Honours: Honoured at the “Visions Celebration ‘88”, the Black Theatre Workshop and the Foundation for Minority Arts and Culture; received Top Canadian Female Jazz Vocalist Award, Jazz Report Magazine (1994 & 1995); I Thought About You was the first Juno nominated jazz recording in the Best Mainstream Jazz category (1995); Best Female Jazz Vocalist Award, AFIM (1998); Juno Award nominee, Maple Groove (2003); nominee and finalist, Personal, and Professional Accomplishments, Social Commitment and an Important Contribution to the Advancement of Women, an award to be given for, Women of Distinction \ by The Women’s Y Foundation of Montreal (2003); Indie Award nominee for Just You, Just Me (2006), which also won the Toronto Urban Music Award (2005); inclusion in Who’s Who in Black Canada 2 (2006). Appreciation and Contribution award for the development of the McGill Jazz program by the McGill Schulich School of Music for her outstanding service to jazz education (2007); ACTRA Award of Excellence for lifetime achievement (2008). Received the International Association of Jazz Educators award at the 21st IAJE conference (1994), and the Certificate of Appreciation at their 35th conference (2008). Won Best Jazz Vocal Album for Ranee Lee Lives Upstairs (2010).

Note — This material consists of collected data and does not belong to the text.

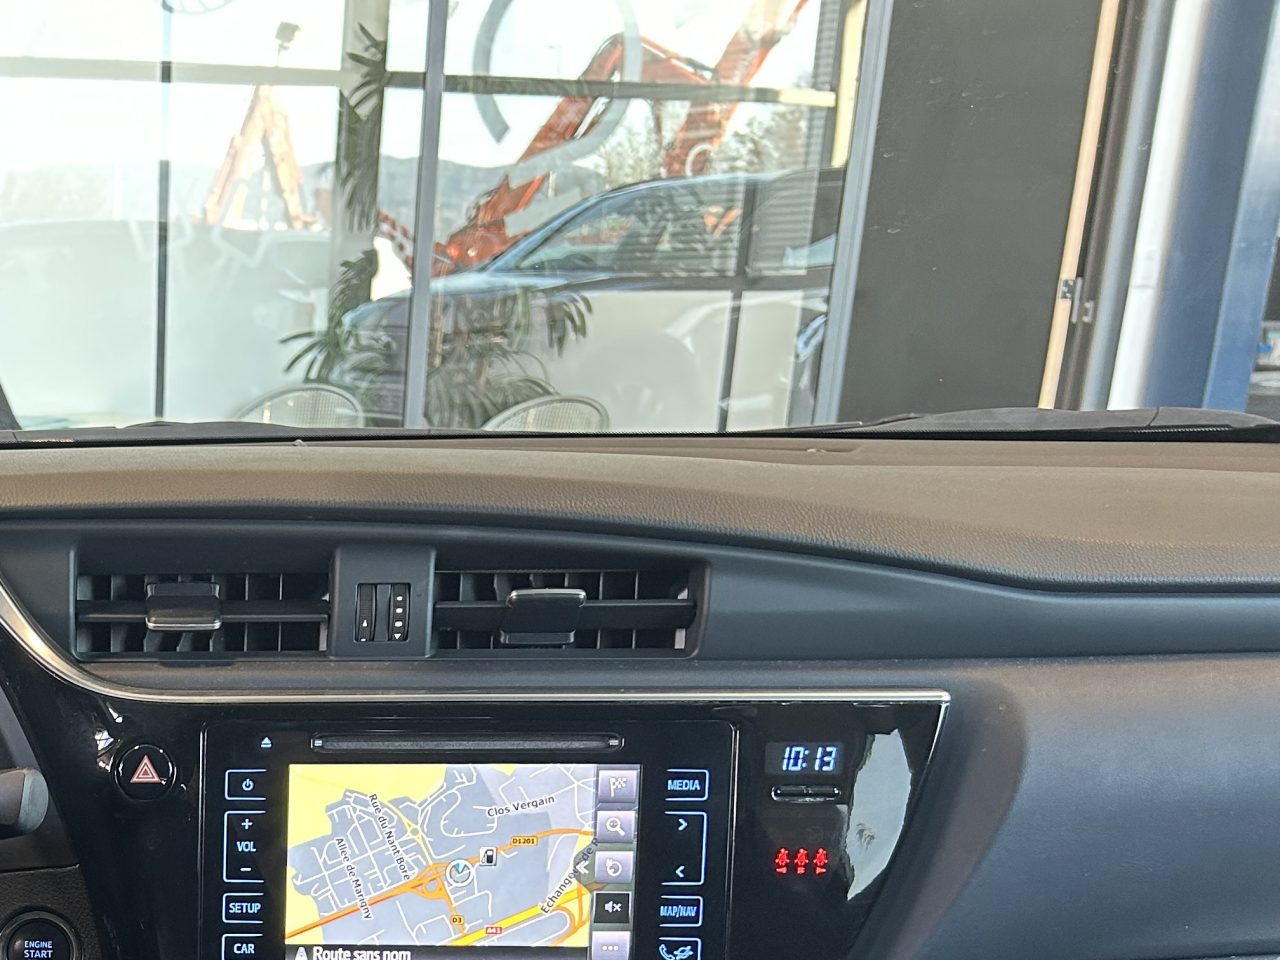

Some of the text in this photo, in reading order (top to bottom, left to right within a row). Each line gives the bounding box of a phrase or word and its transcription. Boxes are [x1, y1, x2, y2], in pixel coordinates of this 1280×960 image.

[782, 746, 839, 771] 10:13
[667, 779, 701, 791] MEDIA
[487, 796, 555, 817] Clos Vergain
[369, 793, 381, 814] Rue
[378, 816, 388, 829] du
[385, 830, 401, 855] Nant
[236, 841, 257, 852] VOL
[581, 847, 594, 861] de
[346, 864, 356, 877] de
[352, 878, 372, 919] Marigny
[229, 902, 262, 914] SETUP
[660, 905, 698, 918] MAP/NAV
[24, 940, 53, 949] ENGINE
[233, 943, 255, 954] CAR
[23, 950, 53, 958] START
[312, 946, 412, 960] Route sans nom

Favourite book? One of my most recent favourite books is the Book of Negroes by Lawrence Hill. It is very well written and explored. It can captivate any audience, and it tells a story, and reminds a generation of a history that could be all too easily put aside by many. As an actor, to me the pages come alive with the conditions and hardships of that period, and it becomes a product of investment, and knowledge once again. As a Black woman, it stimulates and reinforces me with strength and courage that has been passed down from my ancestors, and is to be given in example to my children and their children. It is a book of worth!
Favourite quote? “And all people live, not by reason of any care they have for themselves, but by the love for them that is in other people.” – Leo Tolstoy
Given the chance, what would you love to do that you haven’t done yet? Travel to countries that I have not yet visited, and be mentally stimulated by other cultures and history that I have not yet become personally involved. And by this growth, become more spiritually aware…
Who or what inspires you? I am inspired by the bravery of my mother and her mother. I am inspired by the audacity of those who profess truth under any circumstance. I am inspired by nature. I am inspired by my family. And when it’s shown, I am inspired by love!
Why do you do what you do? Because I believe that I’ve been given many gifts, and it would be a mockery to all that I believe in, not to have followed the paths that have been set before me. The opportunities that have presented themselves, and their rewards, public or otherwise, is proof that in sacrifice, and dedication, the choices that I have made to follow my calling is valuable by example.